The Geek Wave device supports all lossless and lossy formats and is powered by 10 processing cores: a dual-core MIPS32 MPU from Microchip Technology and an eight-core 500MIPS CPU from XMOS. There's a 3,100 mAh user-replaceable battery to support the power being consumed by playback.

If the portable Geek Wave is starting to sound like an audiophile's dream rather than an iPod replacement, you'd be right. Nothing about the device is really targeted at the average consumer. Everything from its $399 retail price tag for the 64 GB version to its complicated ease of use.

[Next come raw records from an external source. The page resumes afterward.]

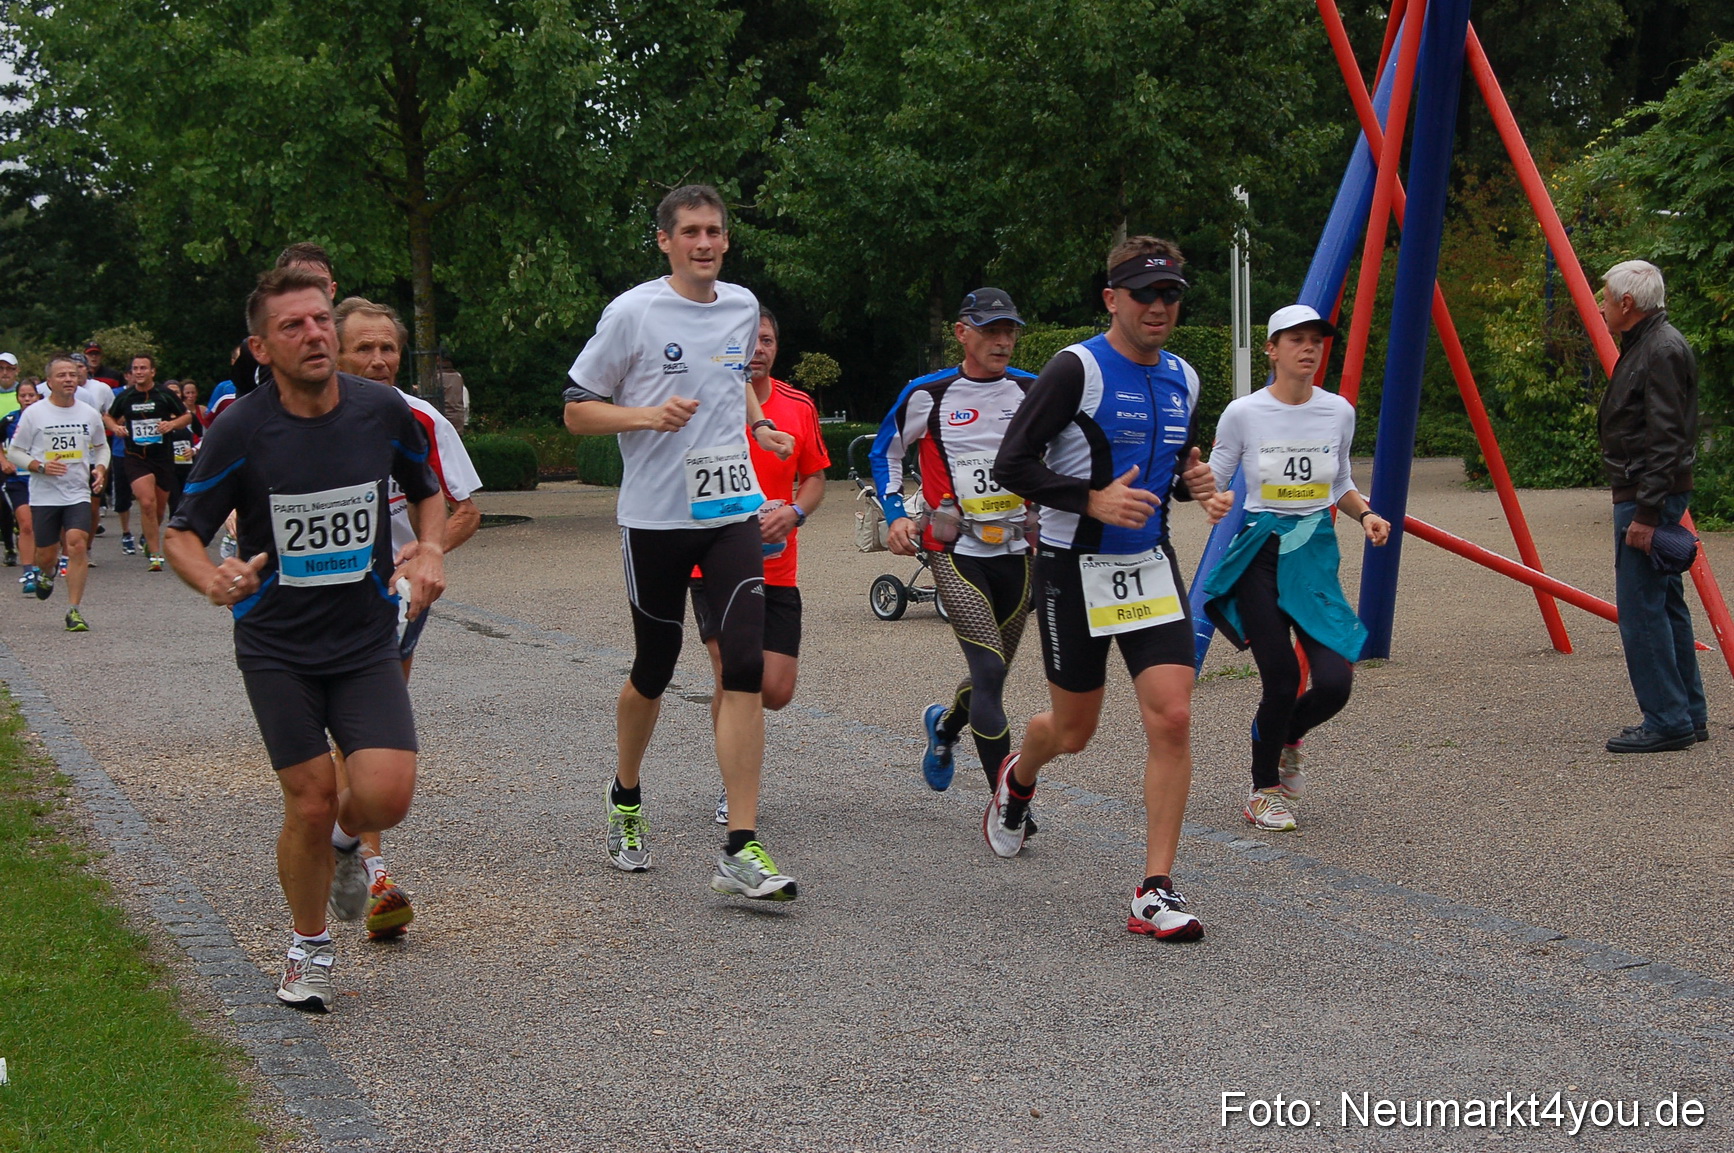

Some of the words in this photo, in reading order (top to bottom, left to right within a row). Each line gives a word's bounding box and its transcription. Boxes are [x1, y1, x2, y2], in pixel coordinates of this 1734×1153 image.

[950, 411, 971, 421] tkn
[52, 436, 76, 450] 254
[957, 459, 981, 467] PARTL
[1284, 456, 1311, 481] 49
[695, 464, 751, 497] 2168
[1277, 488, 1315, 498] Melanie
[273, 503, 310, 514] PARTL
[312, 496, 362, 511] Neumarkt
[981, 499, 1011, 512] Jürgen
[285, 508, 370, 552] 2589
[305, 556, 358, 573] Norbert
[1082, 561, 1113, 569] PARTL
[1112, 568, 1144, 600] 81
[1117, 604, 1152, 621] Ralph
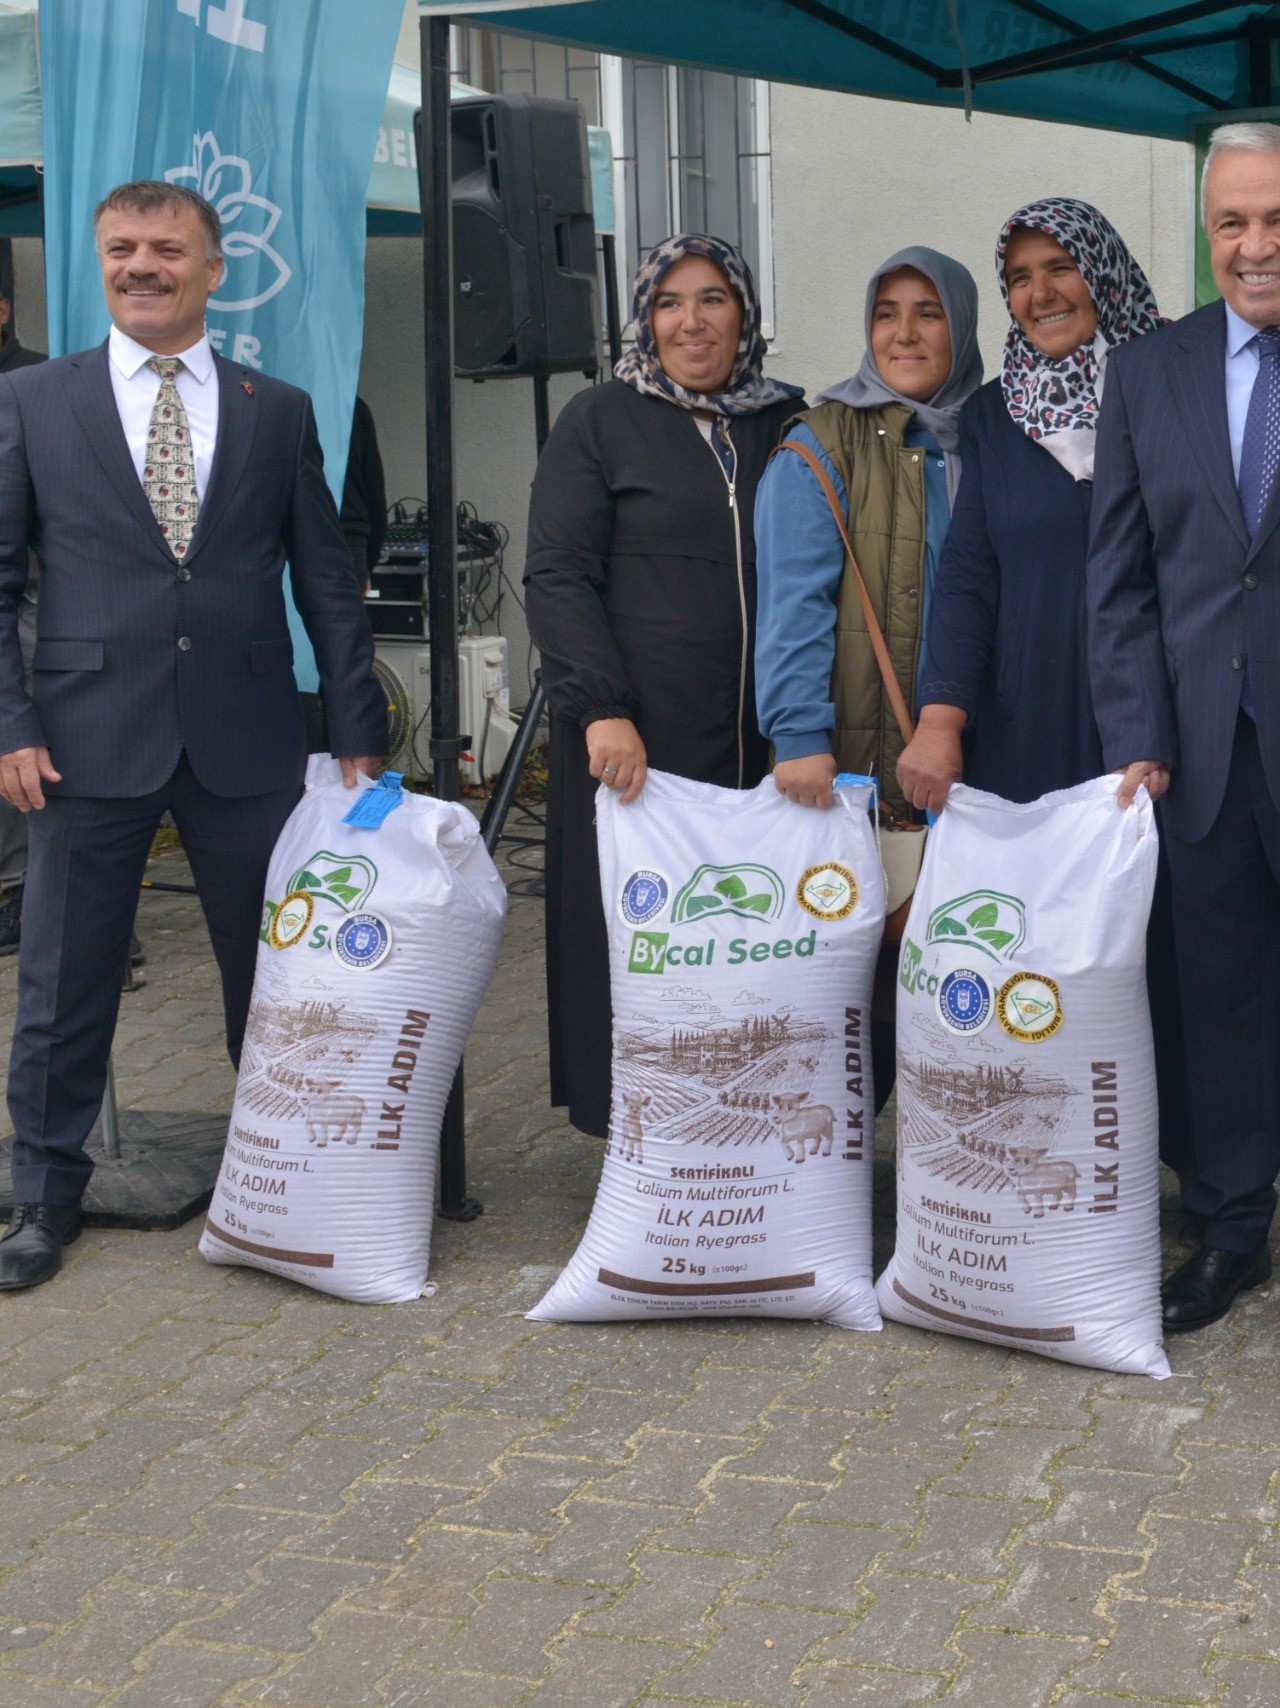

iTunes can't really handle the higher-end audio formats well, if at all, and so Geek Wave buyers will get (for an additional $20) GeekPerfect software. The Mac software is a partnership with BitPerfect, which will work in concert with iTunes and allow it to be the main playback software. It will accommodate DSD playback as well as "squeezing the best possible audio quality from your Macintosh computer."

Unlike Pono, Geek Wave isn't getting into the content business. Pono is trying to appeal the mainstream by giving users a store to buy high-quality music, but Geek Wave buyers will need to continue to acquire music from their previous locations.

Interestingly the high-end audio device will also be able to support Wi-Fi streaming. The Zero Transmission Jitter Wi-Fi add-on will stream music over home networks while keeping an eye on not compromising the signal quality over the air.

There's a more complicated answer, but, in short, the solution for Wi-Fi streaming is for the files to get buffered using local flash memory. This should make them as good as locally stored music on the Geek Wave. Wi-Fi streaming will support most 2.4GHz frequencies including B, G, and N.

A lot of people are still waiting to see how these high-quality audio devices like Pono and Geek Wave do outside of crowdfunding and in the hands of real people. Will they be relegated to the niche audiophile community or pick up a real audience?